In vitro studies demonstrated that emapalumab, at clinically relevant concentrations, did not impair the anti-lymphoma activity of CAR.CD19 T cells against Daudi and Raji cells. Neither the kinetics of target cell killing nor the proliferation of CAR-T cells were affected by emapalumab. Gene expression analysis revealed minimal changes in the CAR-T cell gene signature following emapalumab exposure. In vivo experiments using a model with low tumor burden showed that emapalumab administration did not compromise lymphoma control. Critically, in the humanized mouse model with high tumor burden, emapalumab treatment significantly improved survival rates, reduced brain hemorrhages, and decreased levels of several IFNγ-driven inflammatory cytokines (CXCL9, CXCL10, and IL-16). Gene expression analysis of brain tissue from the humanized model indicated that emapalumab significantly downregulated genes associated with oxidative stress, IFN signaling, and inflammation, consistent with its protective effects. Histopathological analysis showed reduced inflammation in the bone marrow of emapalumab-treated mice. In summary, the results show that emapalumab mitigates the severe toxicities associated with CAR-T cell therapy, specifically CRS and brain damage, without compromising its anti-leukemic efficacy.

This study provides compelling preclinical evidence supporting the clinical development of combination therapy using emapalumab and CAR-T cells. The findings directly address the significant clinical need for safer and more effective CAR-T cell therapies. The use of a humanized mouse model capable of recapitulating the severe toxicities observed in human patients, including brain damage, strengthens the translational relevance of these findings. The observation that IFNγ neutralization does not impair the anti-tumor activity of CAR-T cells is crucial, demonstrating that emapalumab could significantly improve the therapeutic index of this treatment modality. The reduction in several pro-inflammatory cytokines and the improvement in survival rates in the humanized model highlight the therapeutic efficacy of emapalumab in preventing severe toxicity. The results warrant further investigation in clinical trials to confirm the safety and efficacy of this combination approach in human patients.

This study demonstrates that IFNγ neutralization with emapalumab significantly reduces the severe toxicities associated with CAR-T cell therapy, including CRS and neurotoxicity, without affecting its anti-leukemic activity. The preclinical data strongly support the clinical evaluation of emapalumab in combination with CAR-T cell therapy to improve the safety and efficacy of this promising treatment approach. Future research should focus on conducting clinical trials to assess the clinical translation of these findings and investigate the potential of similar strategies for other types of adoptive cell therapies.

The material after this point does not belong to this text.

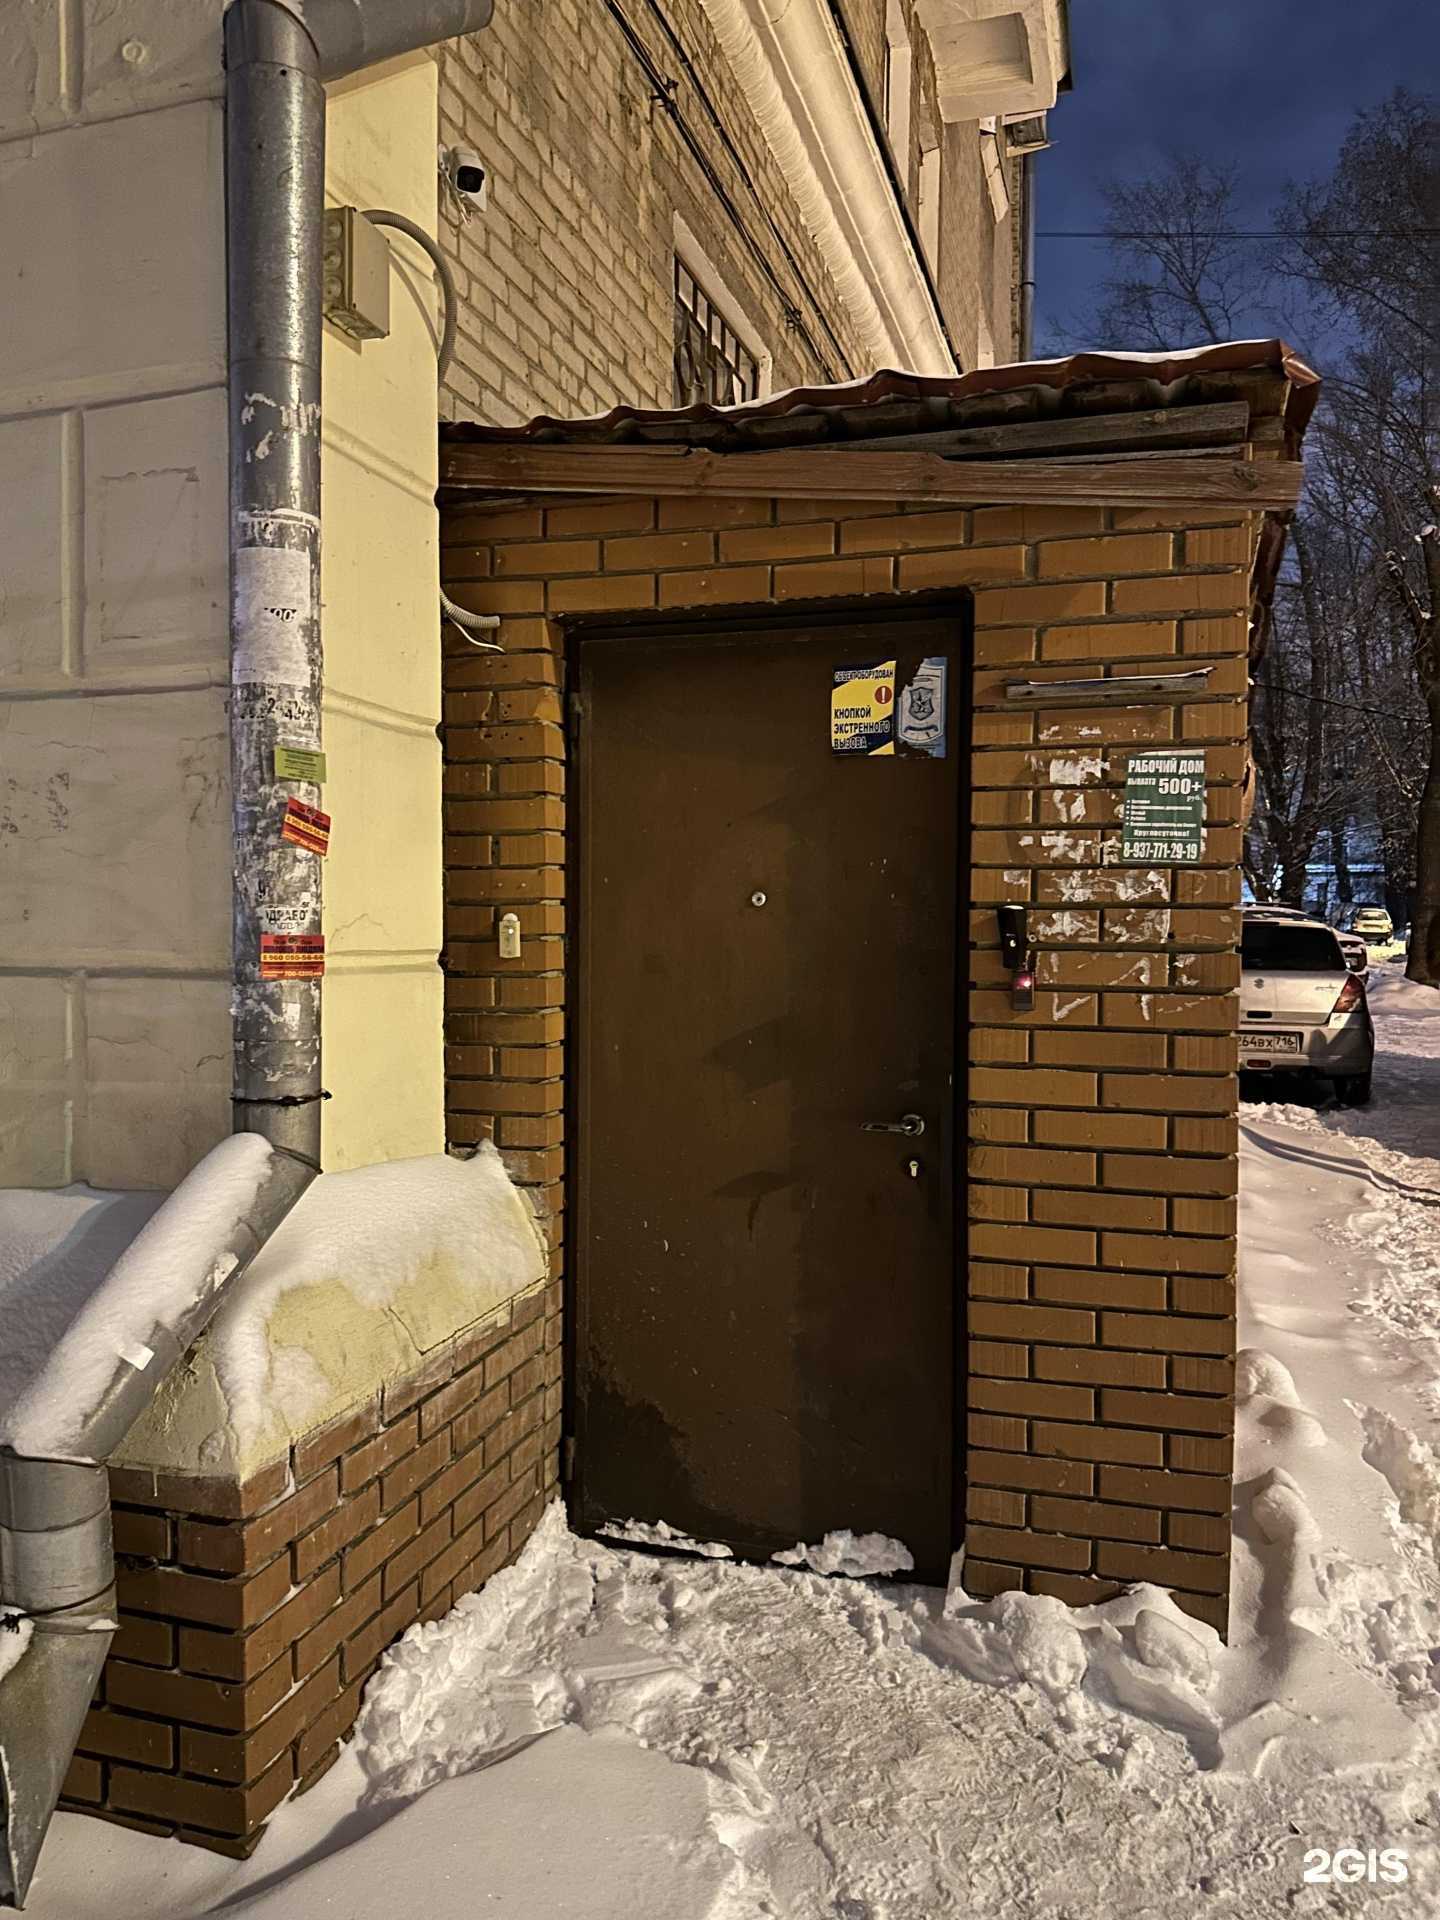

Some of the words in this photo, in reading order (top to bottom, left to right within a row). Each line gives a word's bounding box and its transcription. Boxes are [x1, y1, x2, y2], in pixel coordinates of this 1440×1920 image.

The study is limited by its preclinical nature. While the humanized mouse model provides a more clinically relevant setting than traditional murine models, it does not fully capture the complexities of the human immune system. Further, the study focused on CD19-targeted CAR-T cells, and the findings may not be directly generalizable to other CAR targets. Long-term effects of emapalumab on CAR-T cell persistence and the potential for emergence of resistance remain to be investigated.